Describing the decision to halt the removal of therapists as “part of a broader conversation I’m having with the HSE about PDS”, Rabbitte said that while she remained confident in PDS, her decision had come after listening to the concerns of parents and teachers.

“Having spoken with St Columba’s principal, I want to reassure the school, its pupils, and families, that speech and language therapy will continue two mornings a week at the school,” the minister said.

“There will be no change.

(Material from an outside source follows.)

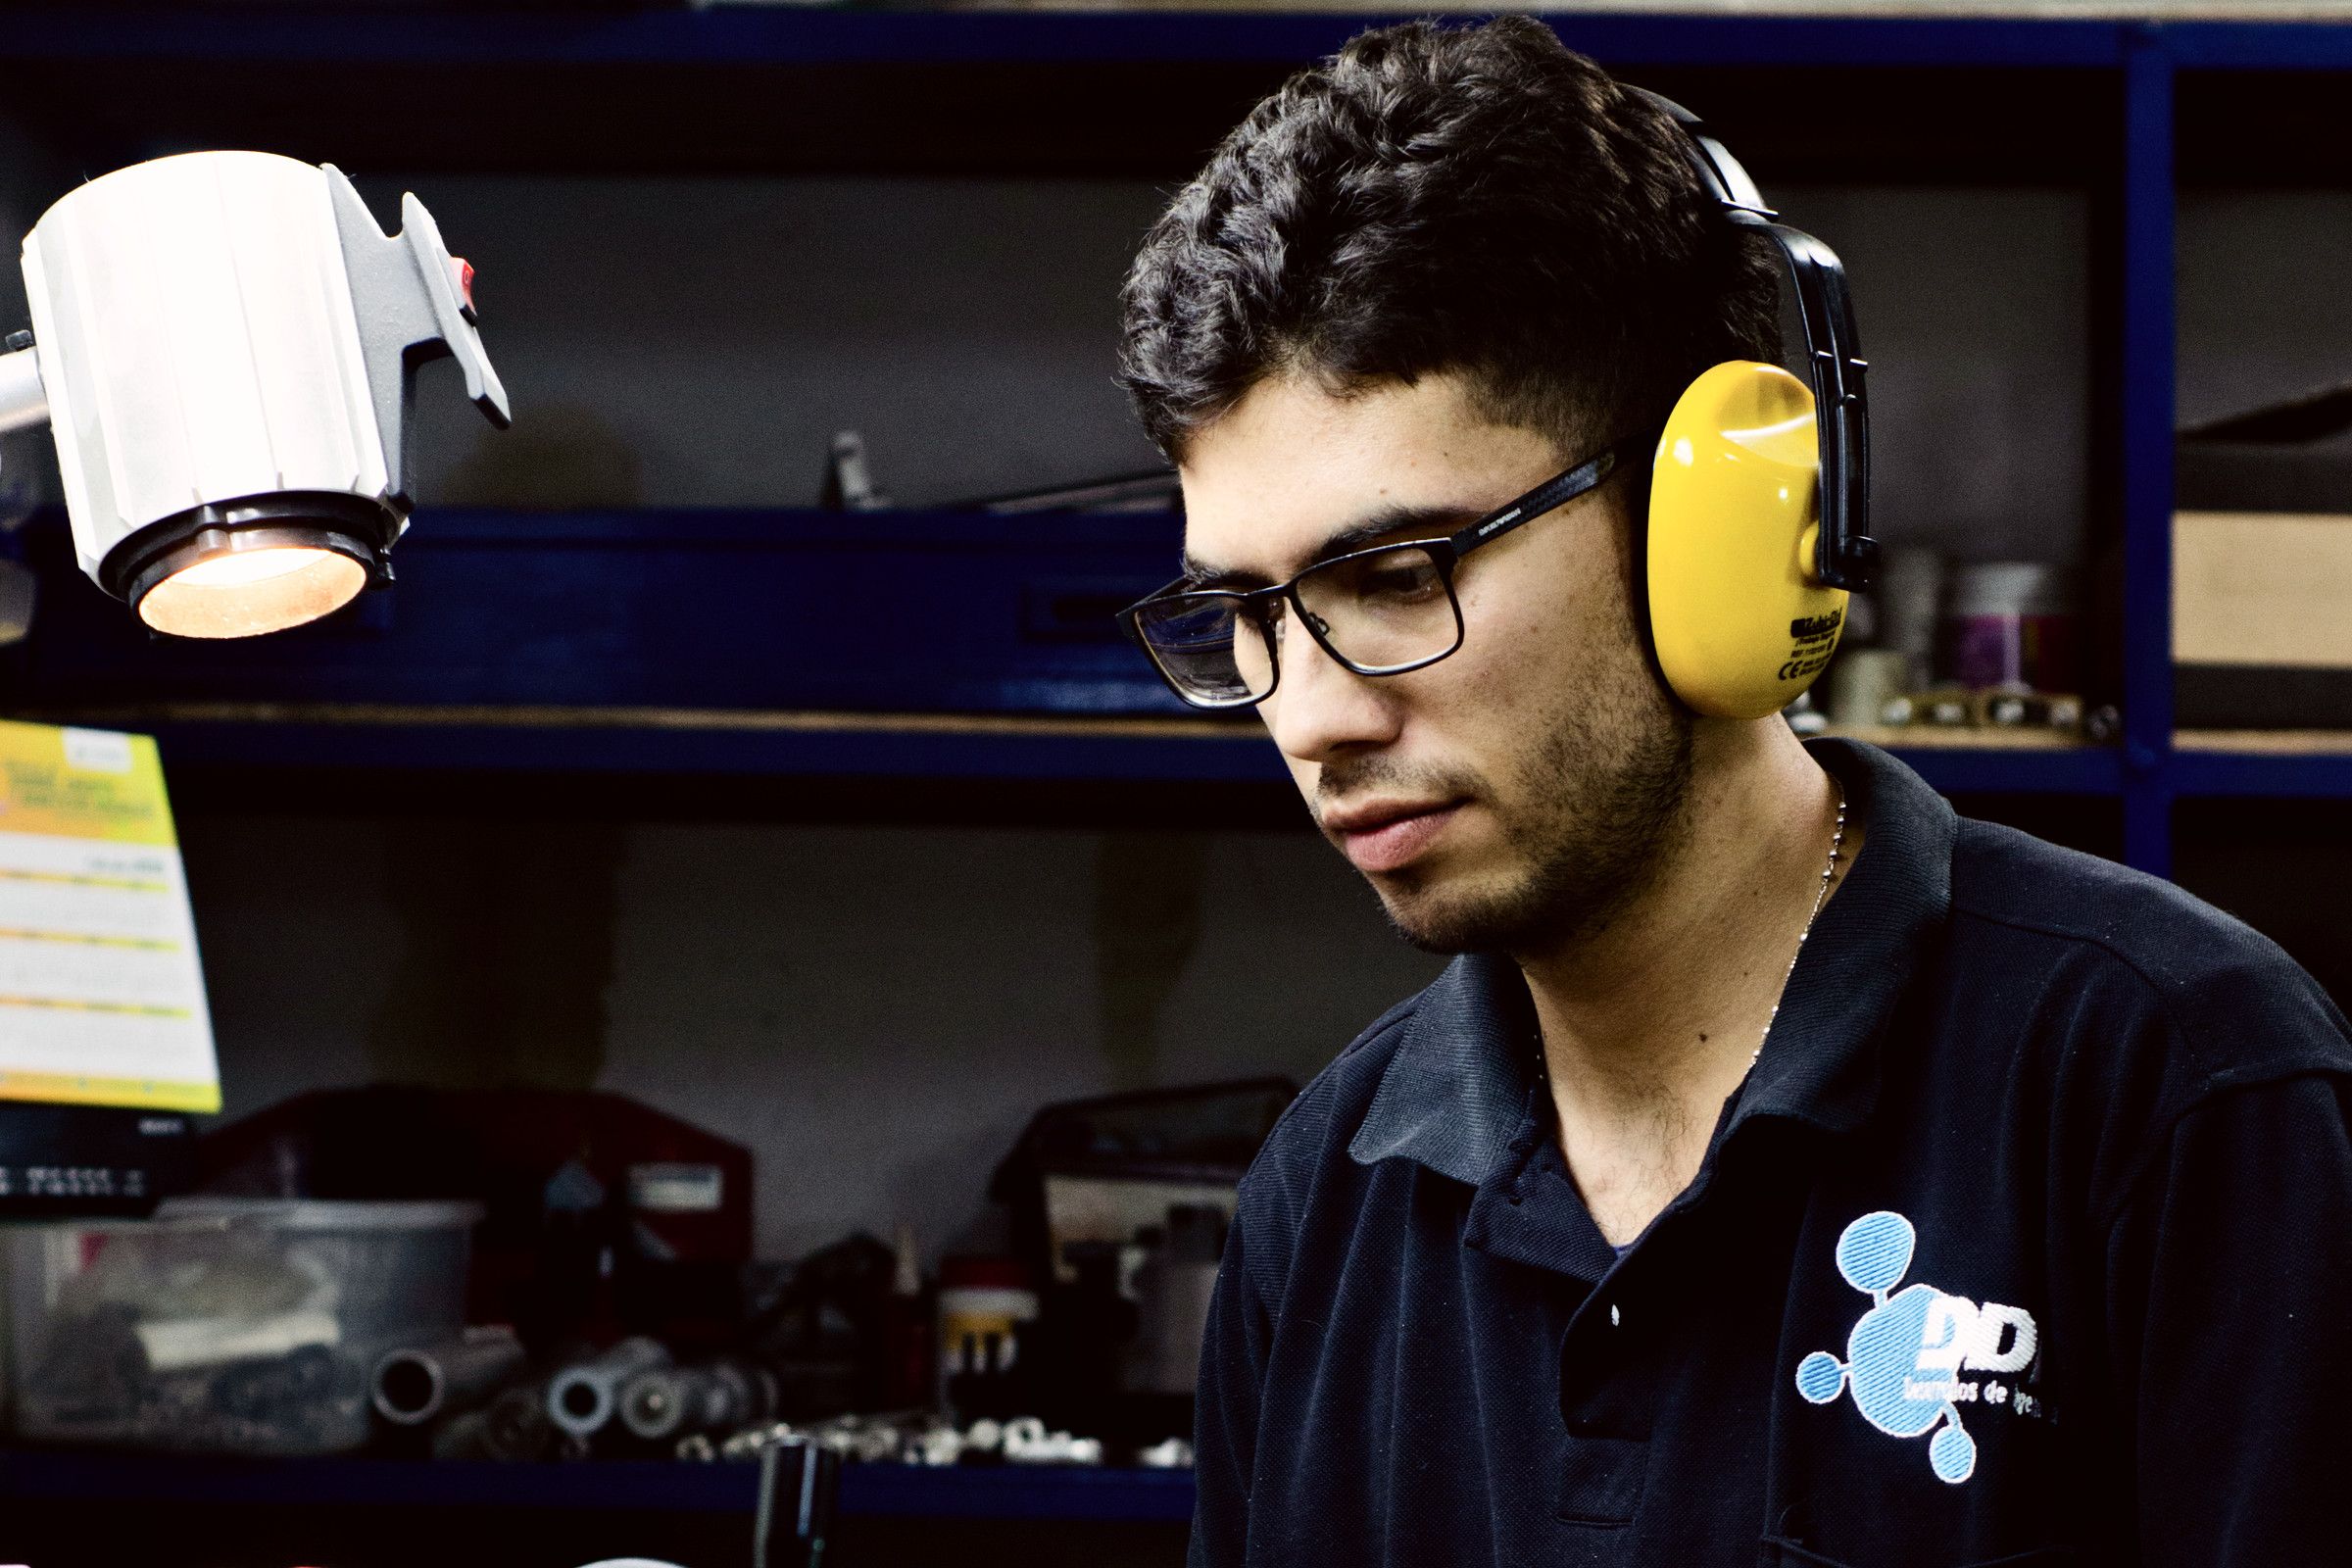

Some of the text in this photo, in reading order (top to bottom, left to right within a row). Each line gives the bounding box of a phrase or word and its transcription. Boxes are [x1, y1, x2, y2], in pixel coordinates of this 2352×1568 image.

[1778, 660, 1803, 681] CE
[1916, 1296, 2040, 1383] DD
[1983, 1380, 2009, 1405] de

Hopefully, this will ease the worries of all involved.”

Triona Fitzgerald, St Columba’s principal, welcomed Rabbitte’s statement, saying: “Language development and communication are vital for children with hearing impairments, and the retention of the in-school speech and language service is a much-needed support.”

Gillian Davies, whose son Liam is currently in Sixth Class in St Columba’s, said parents are cautiously optimistic that the minister will ensure that Deaf schools will keep their on-site therapists, adding that such therapy works best as a 'seamless' and complementary part of a child’s normal school day.

“All any parent of a child with additional needs ever wants is for their child to have equal access to education, as is their constitutional right.”

Anne Rabbitte is an interesting character, and I confess that I was somewhat leery of her since her 2019 suggestion, as reported by Michael Brennan in the Sunday Business Post, that the projected cost of excavating the site of the former Tuam Home – where the remains of as many as 796 children lie abandoned in a disused sewerage system – would be money better spent on helping the homeless children of today. This is the sort of zero-sum game thinking which illustrates that homeless children can be weaponised to deflect attention from any issue at all except, presumably, homeless children.

In January of this year, Minister Rabbitte told Alison O’Reilly, the journalist who broke the Tuam Babies story, that she had been 'misquoted' in that story.

A widowed mother of three, Rabbitte was first elected to the Dáil in 2016. Opposition representatives who know the Galway East Fianna Fáil TD are generous in their praise, saying she’s not a conventional politician, but rather a consensus-builder happy to work across party lines and although an instinctive people person, Rabbitte has steel in her spine, with Sinn Fein and Labour members saying – even before her decision to blindside the HSE – that she’s not someone who would be easily cowed by civil servants.

Perhaps she’s the right woman to show the HSE that their spreadsheet solutions have real-life impacts on flesh-and-blood children already facing life at a disadvantage.

Nobody could deny that the current patchwork of disability services is in need of urgent attention, but most parents and teachers agree that the number one systemic problem is not geographic spread, but rather a shortage of therapists.

Forcing vulnerable children to miss class times is not going to fix that, and would instead have a terrible effect on their lives.

Minister Rabbitte may have halted the introduction of PDS for now, but it seems clear that the HSE is wedded to the scheme with an almost religious certainty, and this is likely only to be Round One.

With some 25,000 children waiting right now for speech and language therapy, the battle is far from over.